Old Commercial Maps for Delaware & Maryland Available from Philadelphia Free Library

McLear and Kendall Carriage Factory hesamere 1882
McLear & Kendall Carriage Factory, French Street, Wilmington, by the Hexamer General Survey. Source: Philadelphia Free Library

While digging up some historical records on a Delaware property earlier this week, I discovered a large body of helpful online maps published by the Philadelphia Free Library. This urban institution has substantial online collections, including a large holding of maps.

The resources that helped with my investigation was the Hexamer General Survey collection. Between 1866 and 1895, Ernest Hexamer sketched out detailed plates on nearly 3,000 industrial and commercial properties in the Greater Philadelphia area.  These meticulous illustrations included breweries, textile mills, printers, car works, dye and chemical plants, planning mills, and much more.  The renderings were created for fire insurance underwriters and are similar to the Sanborn Maps, which are available for many Delmarva communities.

Hexamer was a German immigrant, according to the blog, Hexamer Redux. “He began his career creating insurance maps in New York City.  In 1856, he moved to Philadelphia and established the fire insurance map business in the city.”

For researchers on the upper part of the Delmarva Peninsula, there are a many industrial plates from Wilmington, as well as New Castle and Cecil counties. The Star Bone Phosphate Works at Rothwell Landing is the only one for Kent County, DE.  Companies such as the Jackson & Sharp’s Delaware Car Works, Bancroft and lots of others are represented in the records.

In addition to floor plans similar to architectural drawings lots of additional details are provided. There are notes about the construction, fire protection, occupancy, and other elements of interest to an insurance carrier.  Many include perspective sketches of the actual building, which is great.

This will be a valuable resource for many Delmarva researchers. Thank you Philadelphia Free Library for providing this excellent resource.

 

providence mill hexamer 1890
Providence MIll, Wm. M. Singerly, 1890 by Hexamer General Survey; Source: Philadelphia Free Library.
new castle mills hexamere phila free library 1886
New Castle Mills, New Castle, DE., 1887 by Hexamer Surveys. Source: Philadelphia Free Library

 

jackson and sharp phila free library hexamore 1872
Jackson and Sharp Rail Works, 1872, by Hexamer General Survey.
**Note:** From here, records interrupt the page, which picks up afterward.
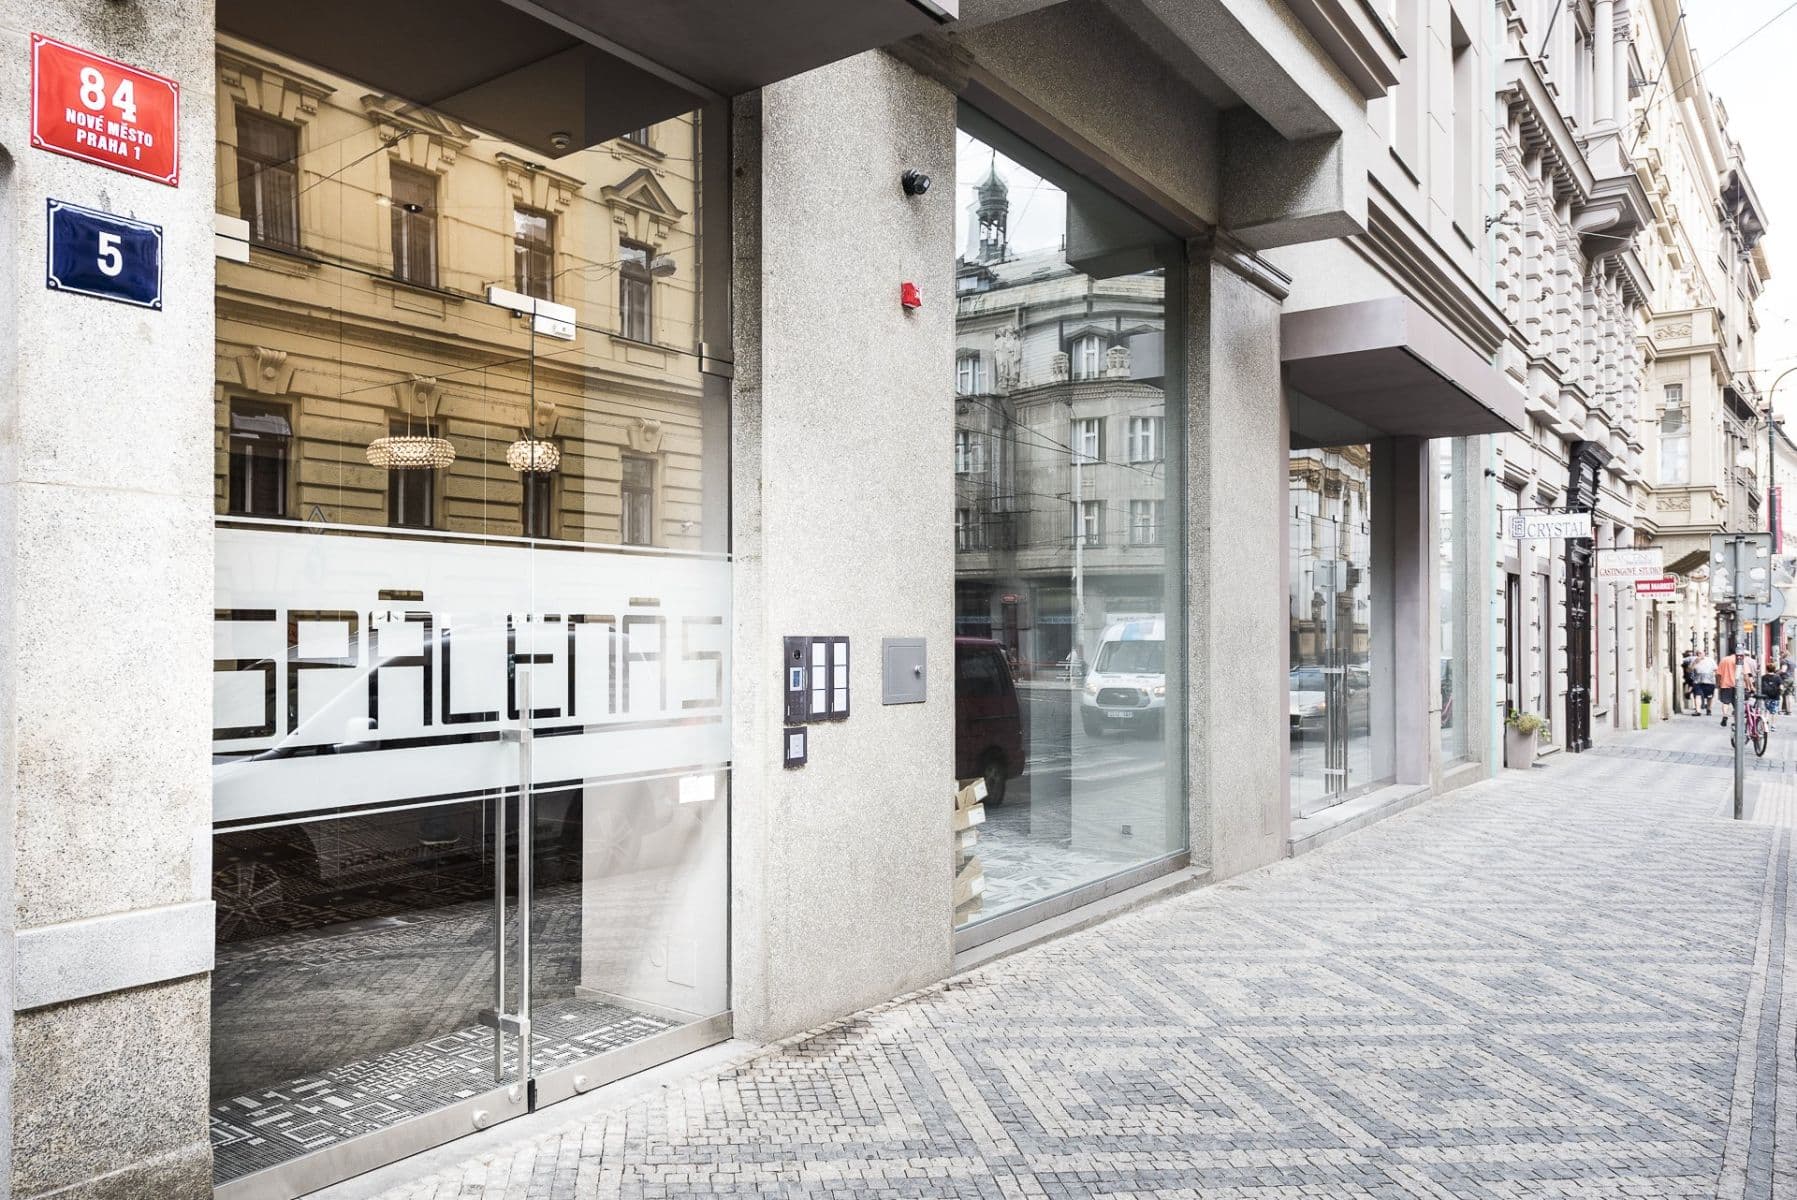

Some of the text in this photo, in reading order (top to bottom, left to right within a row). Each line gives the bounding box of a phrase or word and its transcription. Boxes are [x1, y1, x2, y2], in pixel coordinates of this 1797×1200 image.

[79, 66, 137, 123] 84
[65, 107, 153, 147] NOVÉ MĚSTO
[76, 127, 141, 161] PRAHA 1
[97, 231, 123, 277] 5
[1527, 521, 1588, 538] CRYSTAL
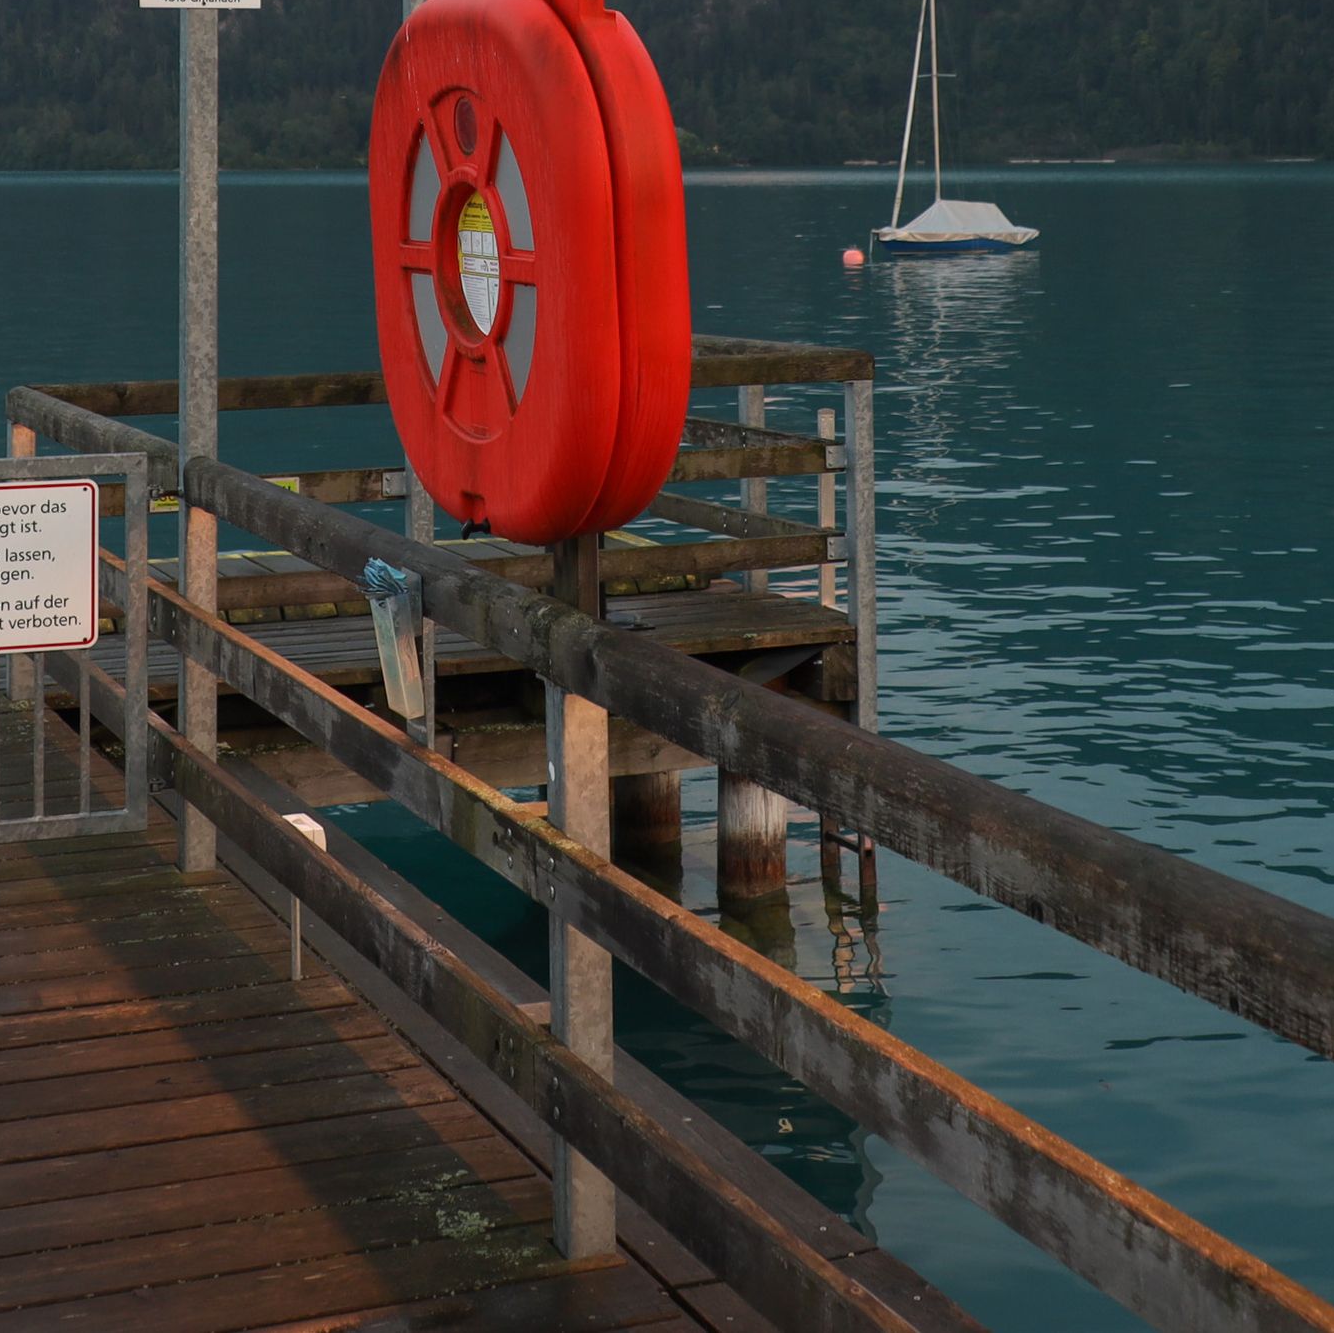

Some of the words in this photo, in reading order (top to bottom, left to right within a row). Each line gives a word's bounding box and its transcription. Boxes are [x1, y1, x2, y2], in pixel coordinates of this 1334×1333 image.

[40, 499, 67, 514] das
[20, 519, 42, 533] ist.
[4, 547, 56, 563] lassen,
[14, 595, 40, 611] auf
[43, 594, 69, 609] der
[8, 613, 82, 630] verboten.
Source: Philadelphia Free Library

 

Research Treasures Reside in Delmar Public Library Collection

If you are researching local or family history on the Delmarva Peninsula, there are many fine libraries from Wilmington down to Cape Charles that can help.  Some are large, university affiliated repositories, while others are non-profit, stand-alone institutions located in some of the region’s small towns.  Traveling from one end of Delmarva to the other, I often find evidentiary traces to the past in these places so I will highlight a few of the smaller collections that can help you puzzle together narratives from the past.
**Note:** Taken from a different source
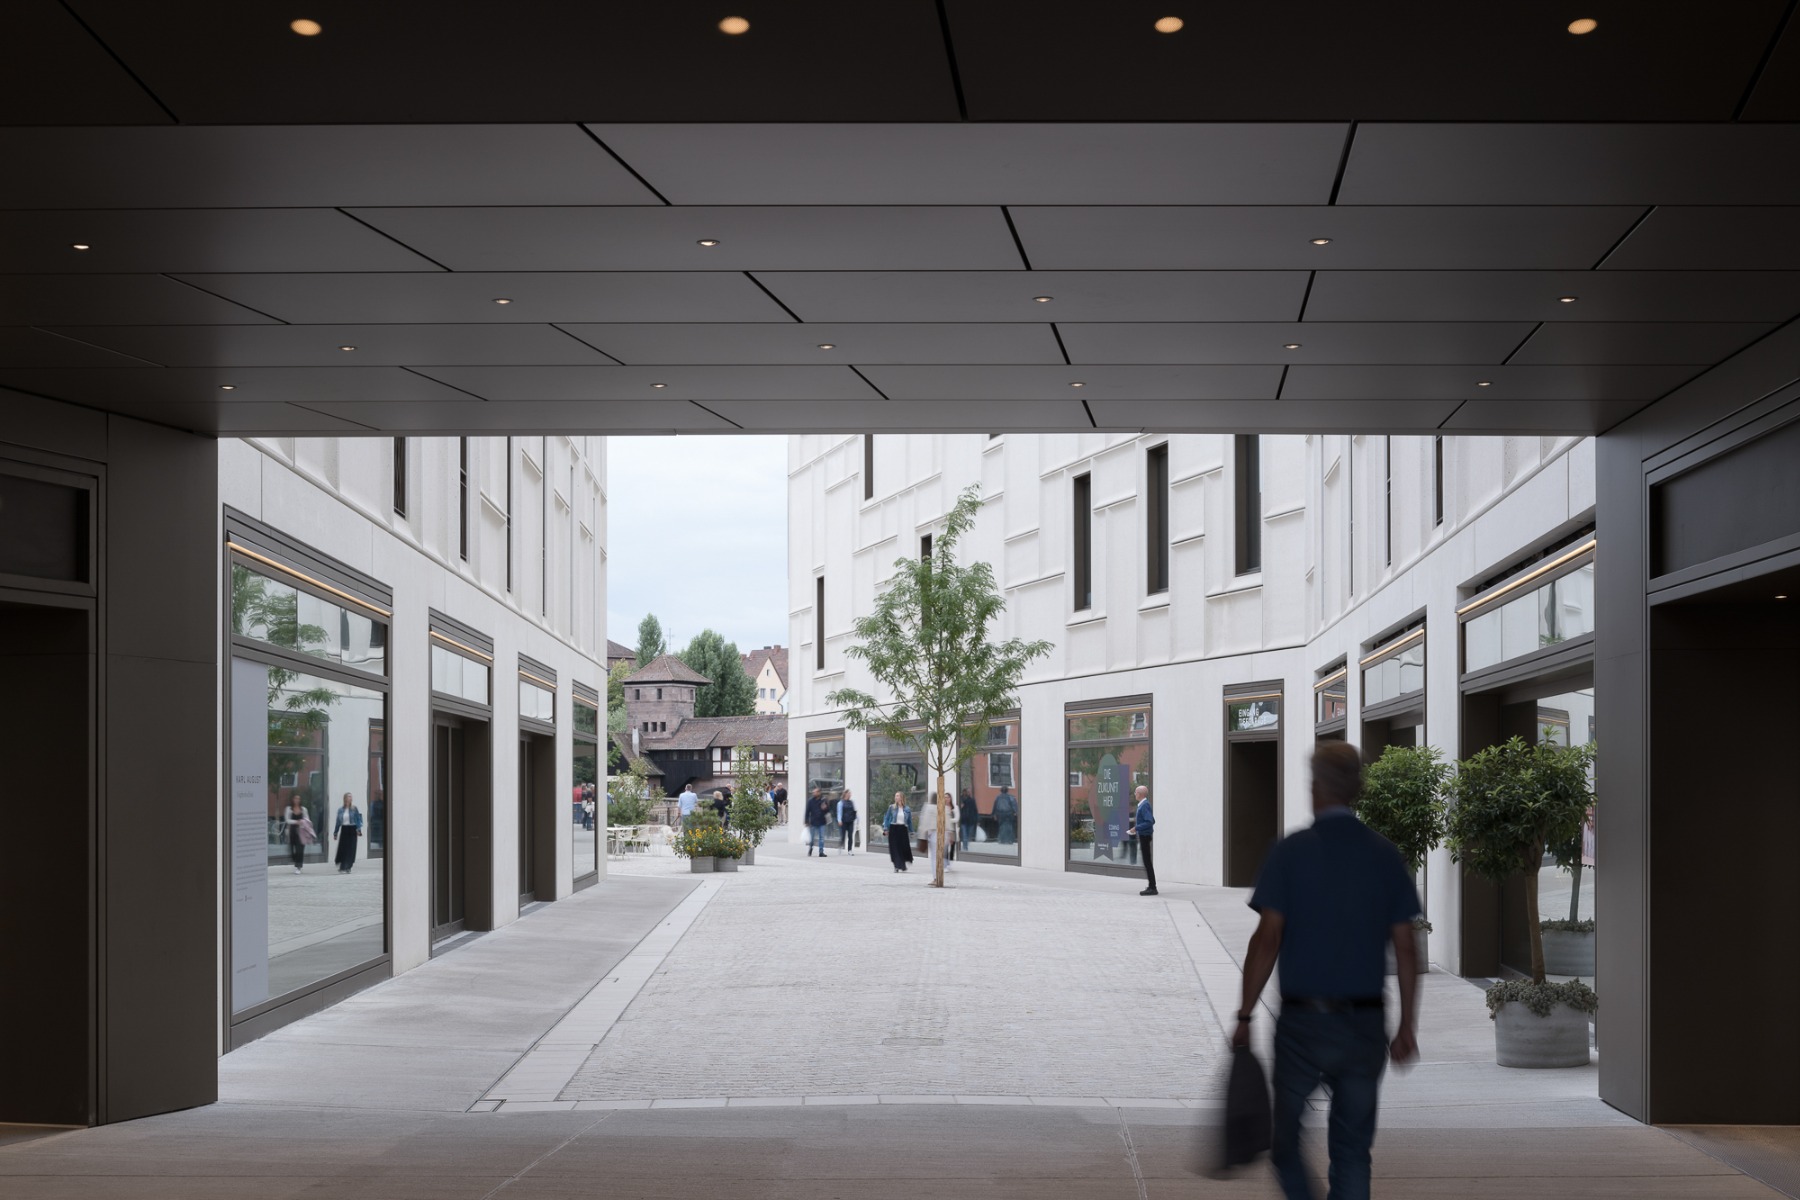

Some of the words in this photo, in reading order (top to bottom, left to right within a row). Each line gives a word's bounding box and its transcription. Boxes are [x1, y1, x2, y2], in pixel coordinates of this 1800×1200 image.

The railroad town of Delmar, at the southern tip of Delaware, has one of these great assets.  The community, promoting itself as the “little town that is too big for one state,” is located in two states, the boundary line going right down the center of the business district.  It has always had a strong historical connection to the locomotive as the settlement got its start when the Delaware Railroad reached here in 1859.
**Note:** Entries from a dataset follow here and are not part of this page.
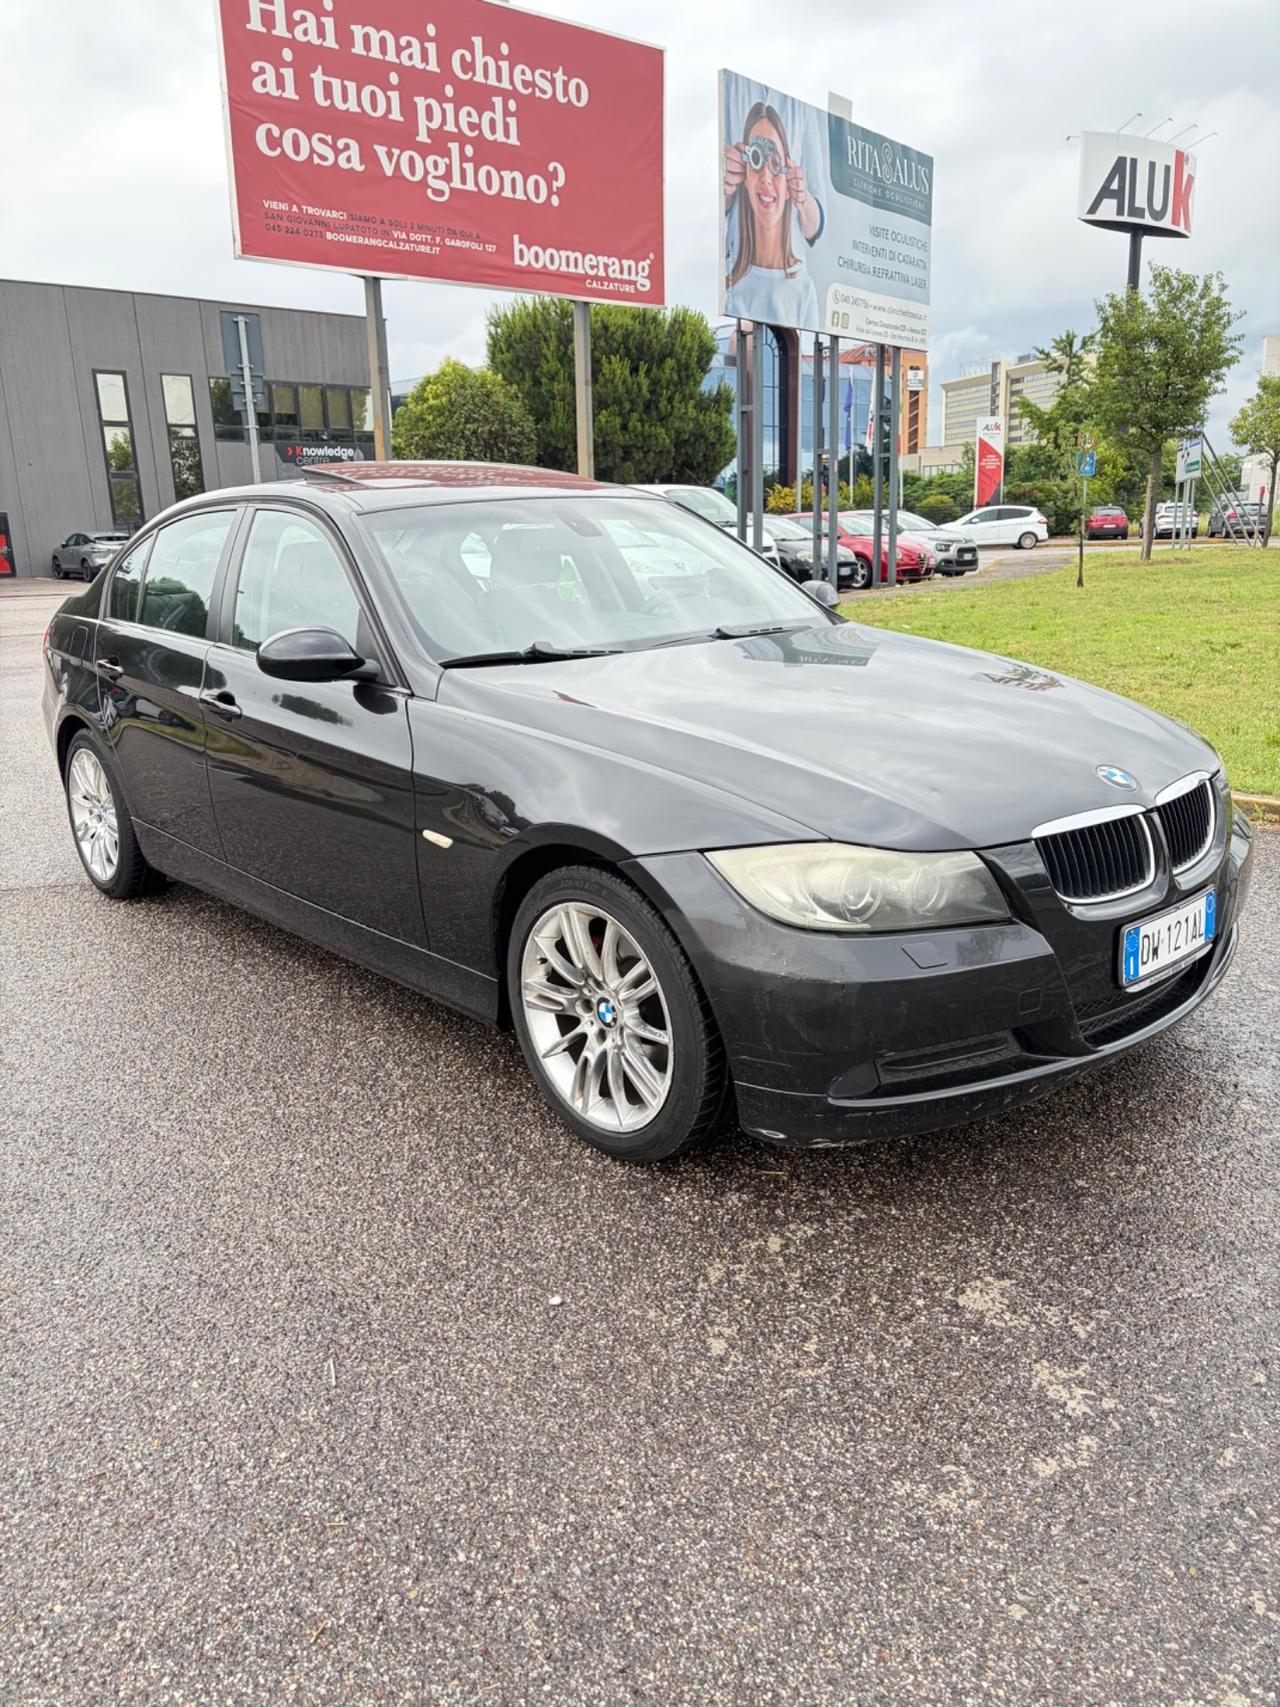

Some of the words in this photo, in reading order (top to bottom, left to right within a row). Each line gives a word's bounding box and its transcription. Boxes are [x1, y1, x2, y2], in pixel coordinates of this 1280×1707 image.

[246, 0, 340, 50] Hai
[350, 23, 441, 73] mai
[451, 36, 589, 108] chiesto
[250, 47, 300, 101] ai
[309, 65, 405, 122] tuoi
[413, 84, 521, 146] piedi
[255, 122, 365, 172] cosa
[373, 141, 567, 207] vogliono?
[262, 199, 289, 212] VIENI
[291, 204, 299, 213] A
[301, 205, 348, 220] TROVARCI
[349, 213, 377, 224] SIAMO
[388, 219, 407, 229] SOLI
[416, 223, 445, 233] MINUTI
[447, 227, 458, 236] DA
[459, 230, 474, 238] QUI
[264, 211, 283, 221] SAN
[287, 215, 330, 229] GIOVANNI
[333, 222, 378, 235] LUPATOTO
[392, 230, 407, 240] VIA
[409, 232, 434, 244] DOTT.
[435, 236, 443, 245] F.
[445, 238, 483, 251] GAROFOLI
[485, 244, 497, 253] 127
[265, 223, 282, 233] 045
[285, 226, 300, 235] 224
[325, 231, 441, 255] BOOMERANGCALZATURE.IT
[852, 238, 887, 260] INTERVENTI
[889, 250, 897, 261] DI
[869, 224, 889, 241] VISITE
[891, 230, 928, 253] OCULISTICHE
[513, 233, 651, 291] boomerang
[837, 255, 872, 275] CHIRURGIA
[911, 276, 927, 290] LASER
[585, 279, 636, 293] CALZATURE
[295, 445, 355, 462] Knowledge
[296, 456, 330, 466] centre
In the center of the divided town on Bi-State Blvd, there is the Delmar Public Library, a welcoming place with a patron-oriented staff and excellent resources.  Its large collection of books and serials, should make any bookworm happy, but there is much more.  There are clusters of computers, free wi-fi, just about all the services one expects to find in a solid institution. They also have active children and teen programs and all of this seems to make it a strong community center that engages residents.

But in addition to these resources, the library also has a valuable special collection of unique railroad materials.  There are dozens of rare, one-of-a-kind, photographs; notebooks of newspaper clippings compiled over generations; various pieces of ephemera, such as railroad tickets and shipping documents; and other unique items of historical interest.

I was delighted to find some photos that I hadn’t seen as they were relevant to an investigation I was working on.  Just when you think a piece of evidence linking something to the past has been lost to time, there it is in some special collection and that was my experience at the Delmar Public Library.

Be sure to check out this unique special collection if you’re doing some digging into the past around these parts, especially if it relates to the railroad.  You will find an excellent small town library that engages its patrons, takes care of reader needs, has unique special collections, and is a community gathering place.